§ Extracted data entries

-------

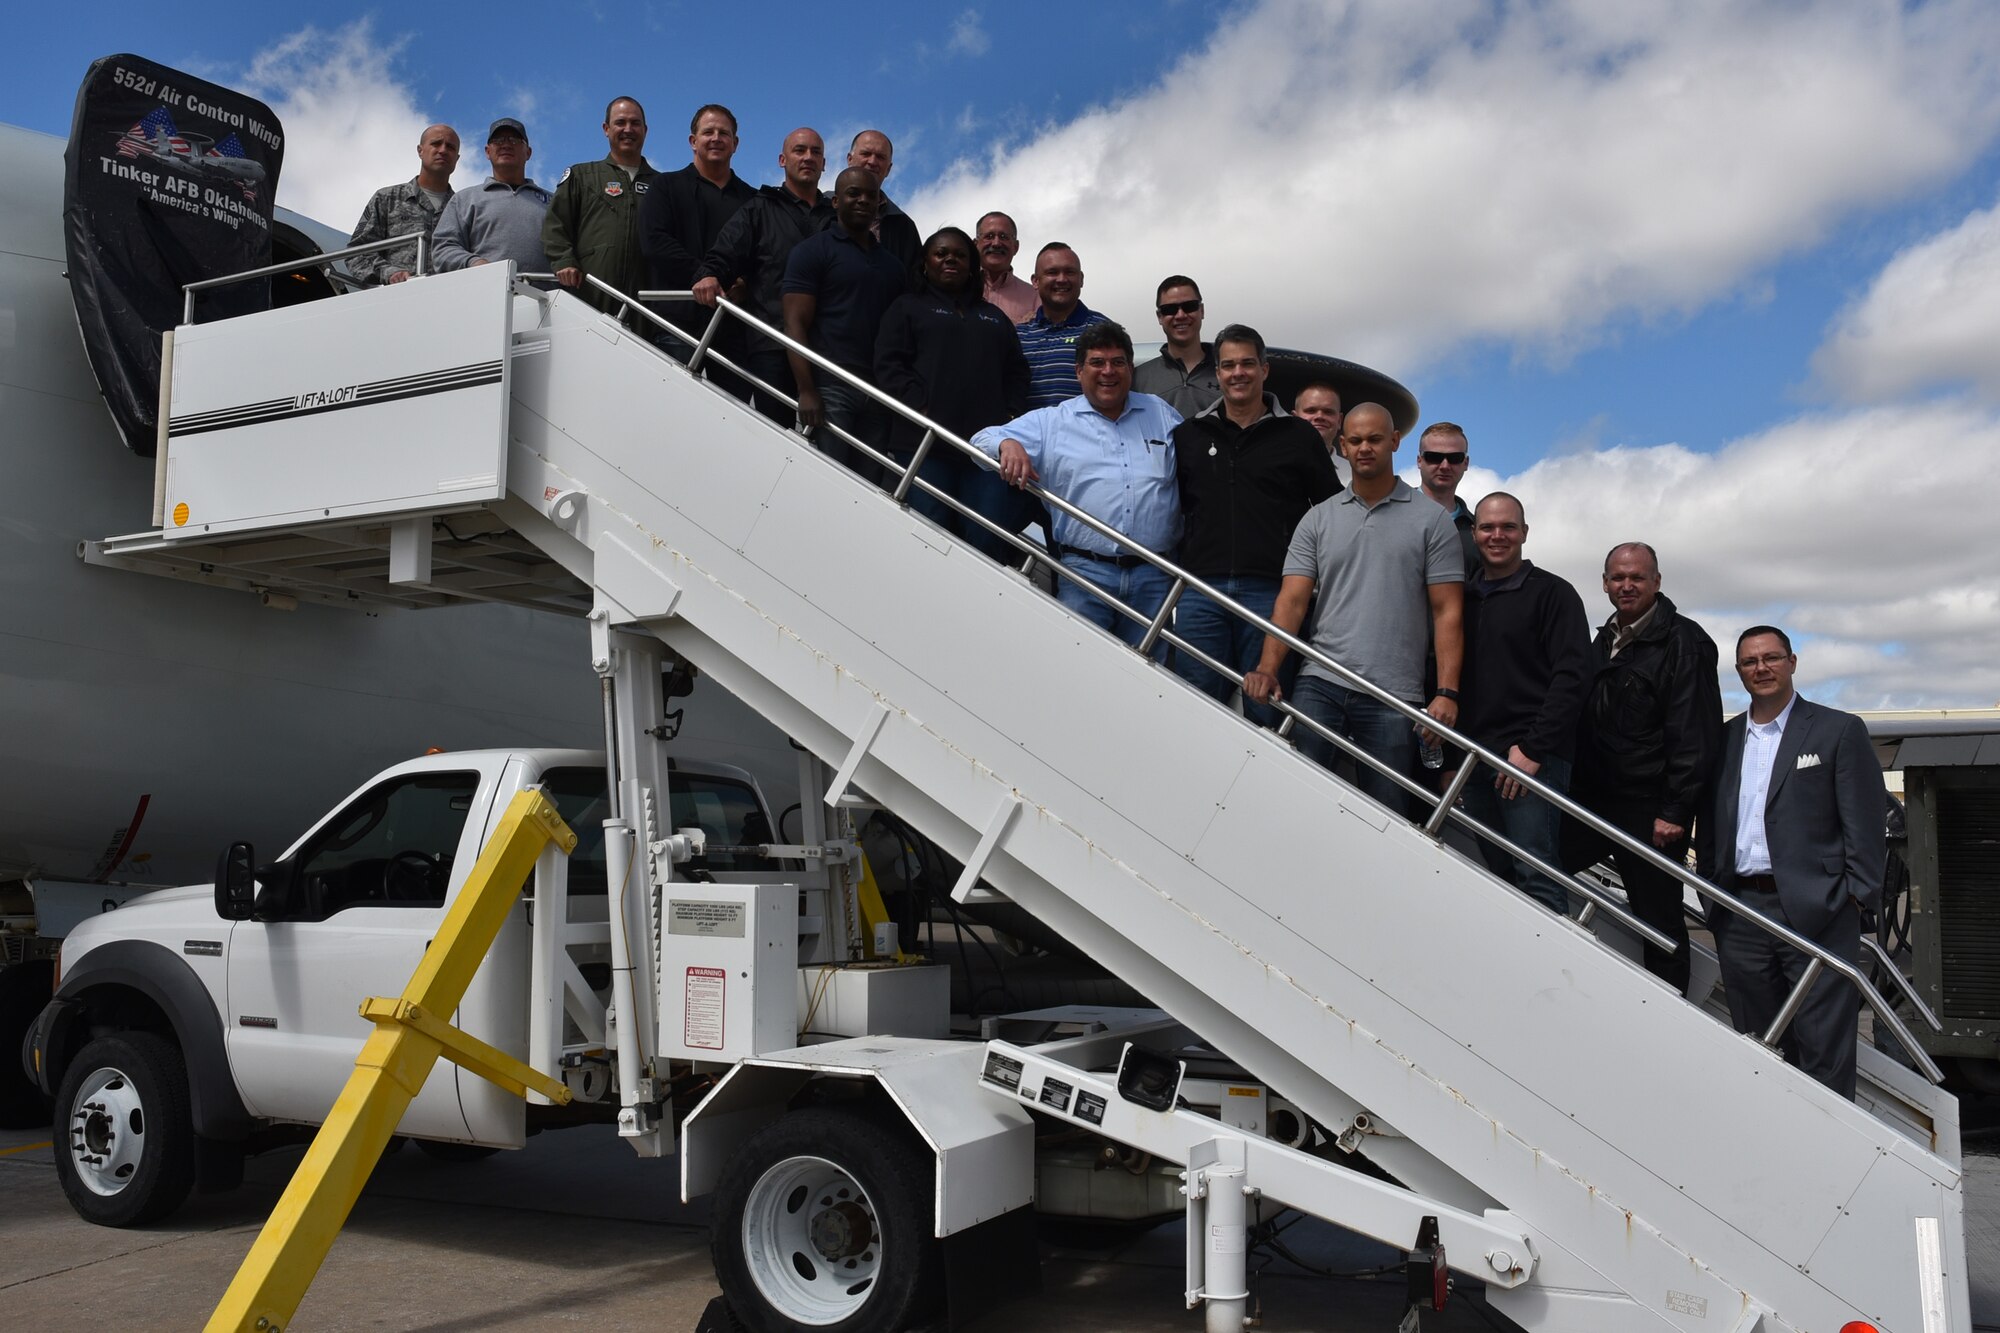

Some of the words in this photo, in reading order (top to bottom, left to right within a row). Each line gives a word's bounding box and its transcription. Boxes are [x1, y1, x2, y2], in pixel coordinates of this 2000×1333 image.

[113, 66, 157, 97] 552d
[157, 84, 182, 106] Air
[186, 94, 244, 129] Control
[248, 118, 282, 151] Wing
[100, 156, 160, 187] Tinker
[165, 175, 199, 199] AFB
[204, 188, 268, 230] Oklahoma
[694, 968, 722, 976] WARNING
[1672, 1298, 1700, 1308] REMOVAL
[1688, 1296, 1704, 1304] CASE
[1690, 1308, 1706, 1318] ONLY
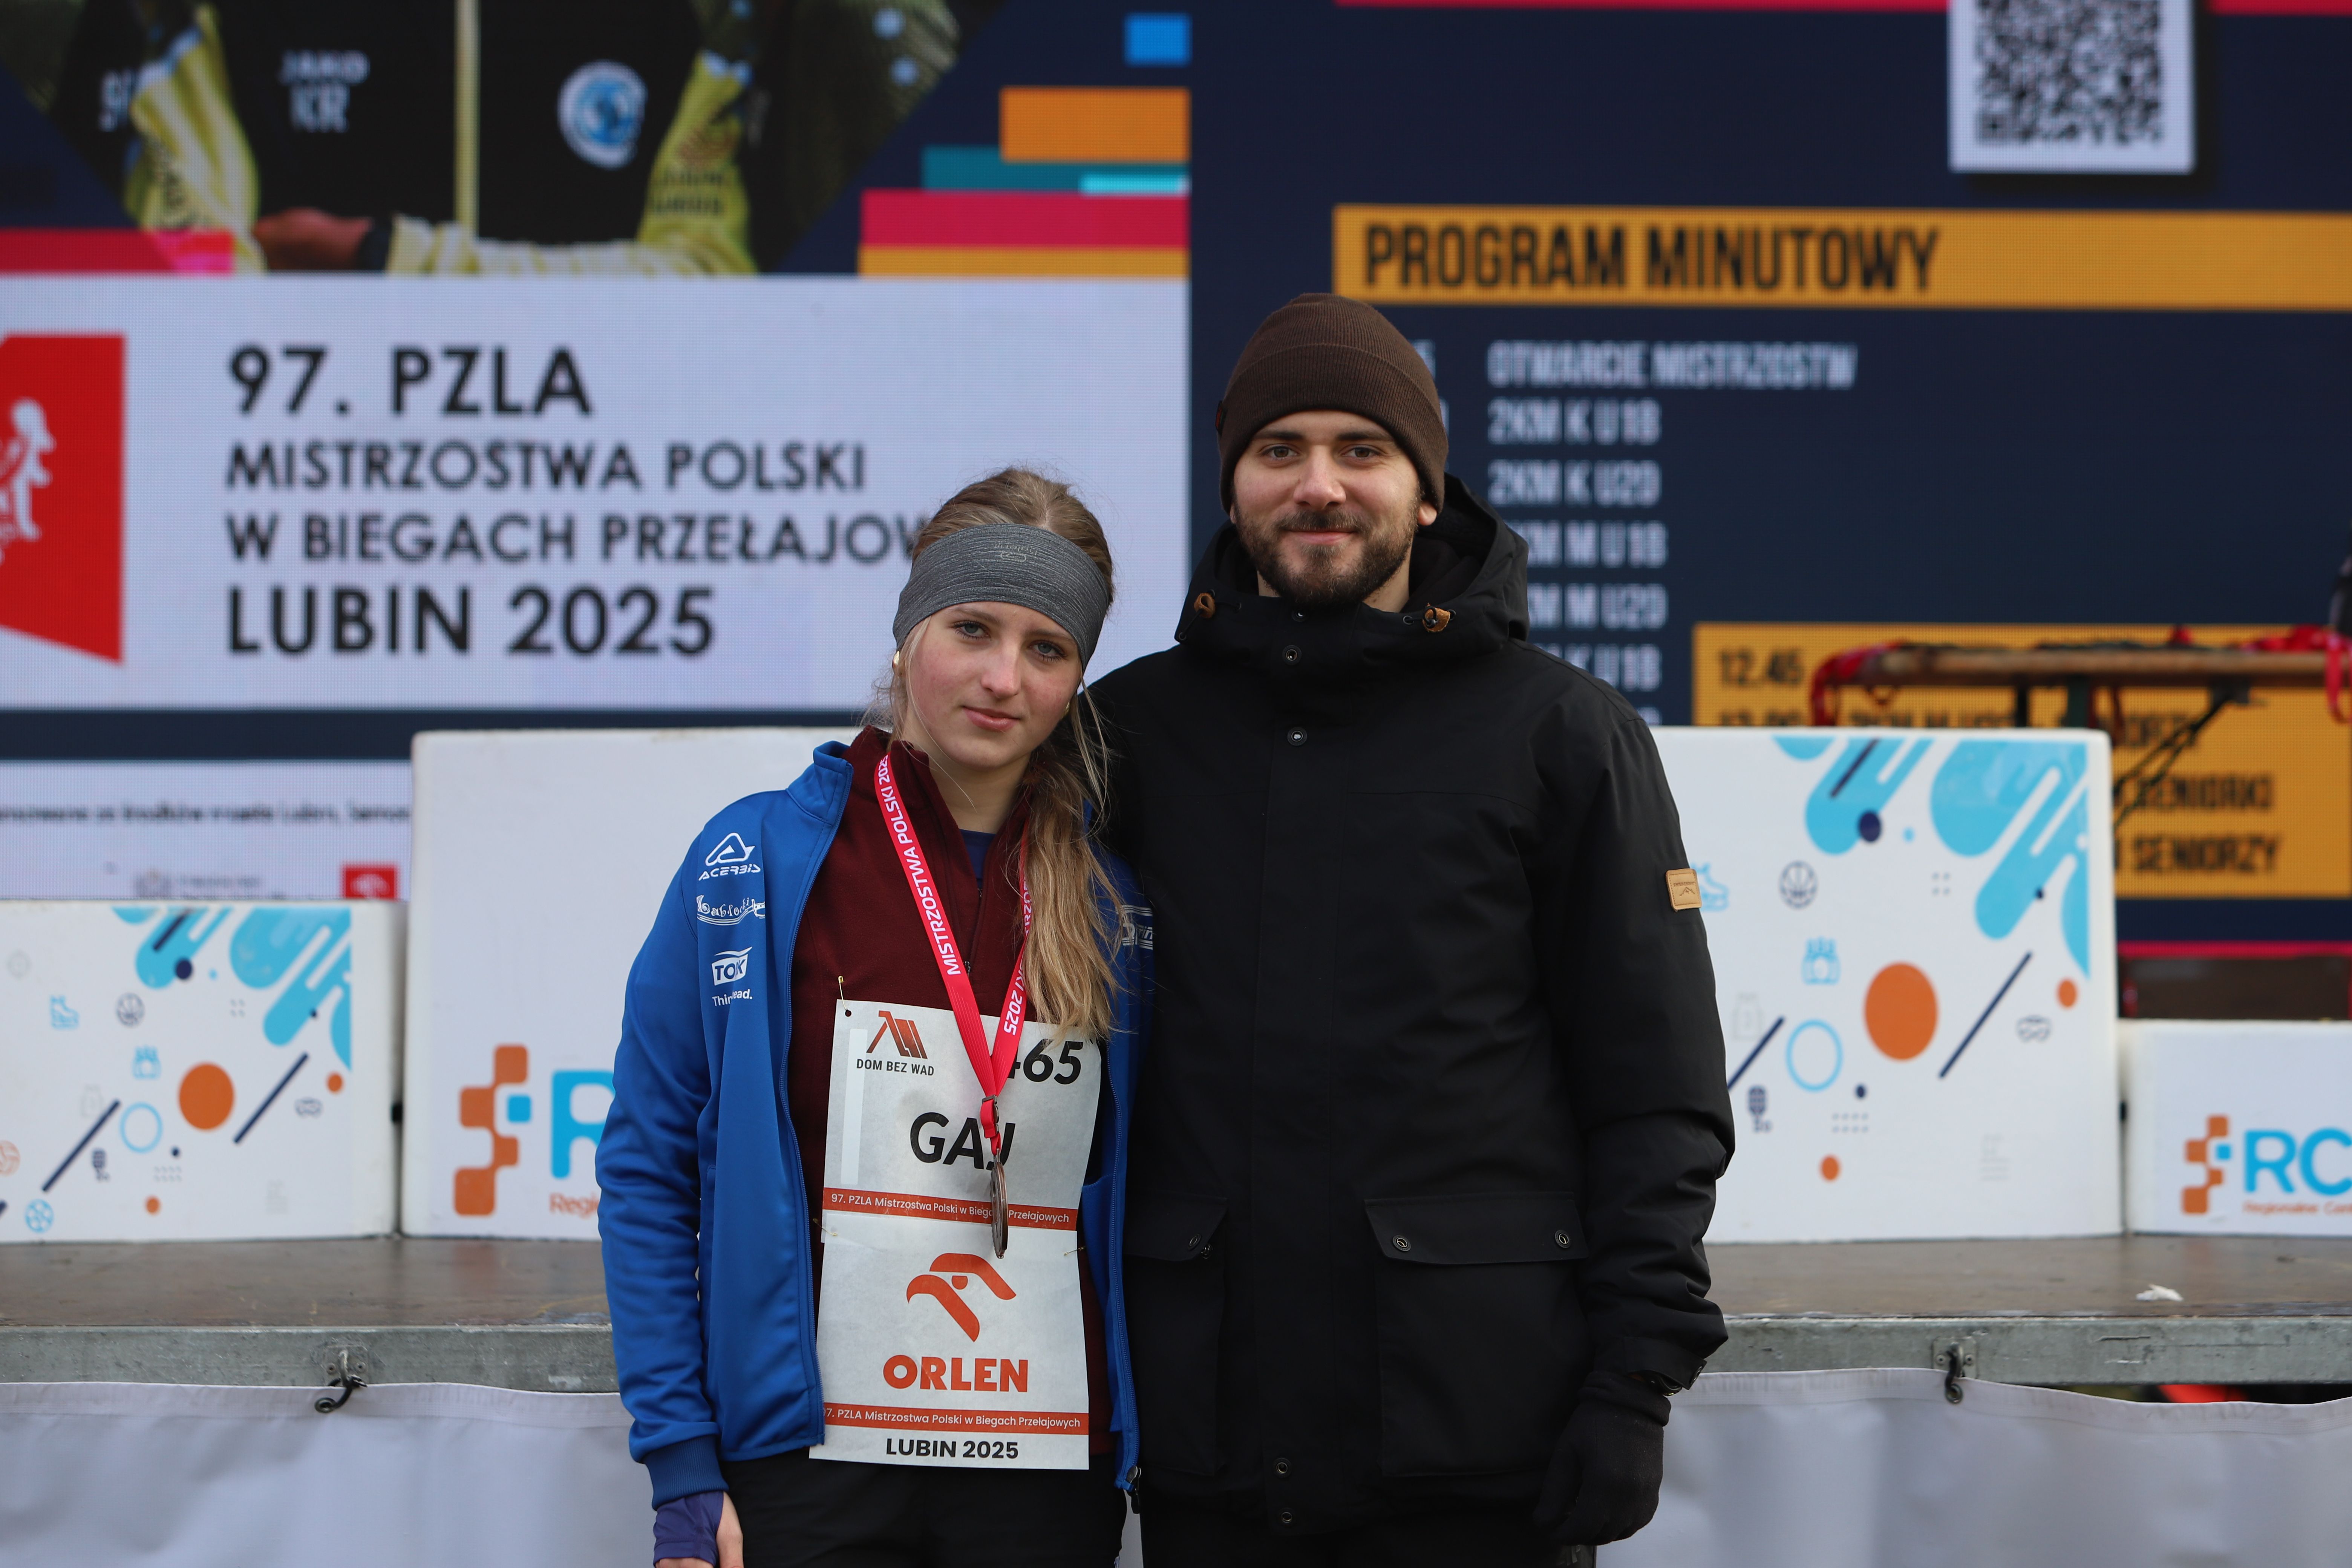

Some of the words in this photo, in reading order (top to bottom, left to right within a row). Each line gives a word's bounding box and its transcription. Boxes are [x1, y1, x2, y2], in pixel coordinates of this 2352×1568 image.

[1366, 225, 1627, 288] PROGRAM
[1647, 225, 1939, 291] MINUTOWY
[230, 343, 349, 417] 97.
[392, 344, 594, 417] PZLA
[1488, 340, 1648, 389] OTWARCIE
[1487, 397, 1562, 445] 2KM
[1564, 397, 1592, 445] K
[226, 439, 642, 491] MISTRZOSTWA
[666, 439, 865, 491] POLSKI
[1487, 459, 1562, 506] 2KM
[1564, 459, 1592, 506] K
[226, 511, 279, 562] W
[304, 510, 576, 564] BIEGACH
[230, 583, 469, 655] LUBIN
[507, 583, 715, 657] 2025
[880, 785, 913, 844] POLSKI
[2133, 832, 2280, 873] SENIORZY
[903, 846, 961, 975] MISTRZOSTWA
[1003, 989, 1023, 1036] 2025
[856, 1058, 882, 1070] DOM
[886, 1061, 907, 1073] BEZ
[911, 1064, 934, 1076] WAD
[910, 1112, 1015, 1171] GAJ
[831, 1193, 846, 1204] 97.
[848, 1195, 872, 1206] PZLA
[874, 1197, 931, 1212] Mistrzostwa
[933, 1202, 957, 1214] Polski
[1008, 1209, 1069, 1223] Przełajowych
[883, 1354, 1028, 1392] ORLEN
[838, 1409, 862, 1419] PZLA
[865, 1410, 929, 1424] Mistrzostwa
[932, 1414, 962, 1425] Polski
[975, 1415, 1016, 1428] Biegach
[1018, 1416, 1081, 1430] Przełajowych
[886, 1438, 957, 1458] LUBIN
[962, 1440, 1019, 1460] 2025

-------

§ Aim of the exercise
Every entry, word for word, should be given again; the pictures are not part of the copy.

§ Reply to the task
Some of the words in this photo, in reading order (top to bottom, left to right within a row). Each line gives a word's bounding box and its transcription. Boxes are [x1, y1, x2, y2], in pixel coordinates of this 2000×1333 image.

[113, 66, 157, 97] 552d
[157, 84, 182, 106] Air
[186, 94, 244, 129] Control
[248, 118, 282, 151] Wing
[100, 156, 160, 187] Tinker
[165, 175, 199, 199] AFB
[204, 188, 268, 230] Oklahoma
[694, 968, 722, 976] WARNING
[1672, 1298, 1700, 1308] REMOVAL
[1688, 1296, 1704, 1304] CASE
[1690, 1308, 1706, 1318] ONLY

Some of the words in this photo, in reading order (top to bottom, left to right within a row). Each line gives a word's bounding box and its transcription. Boxes are [x1, y1, x2, y2], in pixel coordinates of this 2352×1568 image.

[1366, 225, 1627, 288] PROGRAM
[1647, 225, 1939, 291] MINUTOWY
[230, 343, 349, 417] 97.
[392, 344, 594, 417] PZLA
[1488, 340, 1648, 389] OTWARCIE
[1487, 397, 1562, 445] 2KM
[1564, 397, 1592, 445] K
[226, 439, 642, 491] MISTRZOSTWA
[666, 439, 865, 491] POLSKI
[1487, 459, 1562, 506] 2KM
[1564, 459, 1592, 506] K
[226, 511, 279, 562] W
[304, 510, 576, 564] BIEGACH
[230, 583, 469, 655] LUBIN
[507, 583, 715, 657] 2025
[880, 785, 913, 844] POLSKI
[2133, 832, 2280, 873] SENIORZY
[903, 846, 961, 975] MISTRZOSTWA
[1003, 989, 1023, 1036] 2025
[856, 1058, 882, 1070] DOM
[886, 1061, 907, 1073] BEZ
[911, 1064, 934, 1076] WAD
[910, 1112, 1015, 1171] GAJ
[831, 1193, 846, 1204] 97.
[848, 1195, 872, 1206] PZLA
[874, 1197, 931, 1212] Mistrzostwa
[933, 1202, 957, 1214] Polski
[1008, 1209, 1069, 1223] Przełajowych
[883, 1354, 1028, 1392] ORLEN
[838, 1409, 862, 1419] PZLA
[865, 1410, 929, 1424] Mistrzostwa
[932, 1414, 962, 1425] Polski
[975, 1415, 1016, 1428] Biegach
[1018, 1416, 1081, 1430] Przełajowych
[886, 1438, 957, 1458] LUBIN
[962, 1440, 1019, 1460] 2025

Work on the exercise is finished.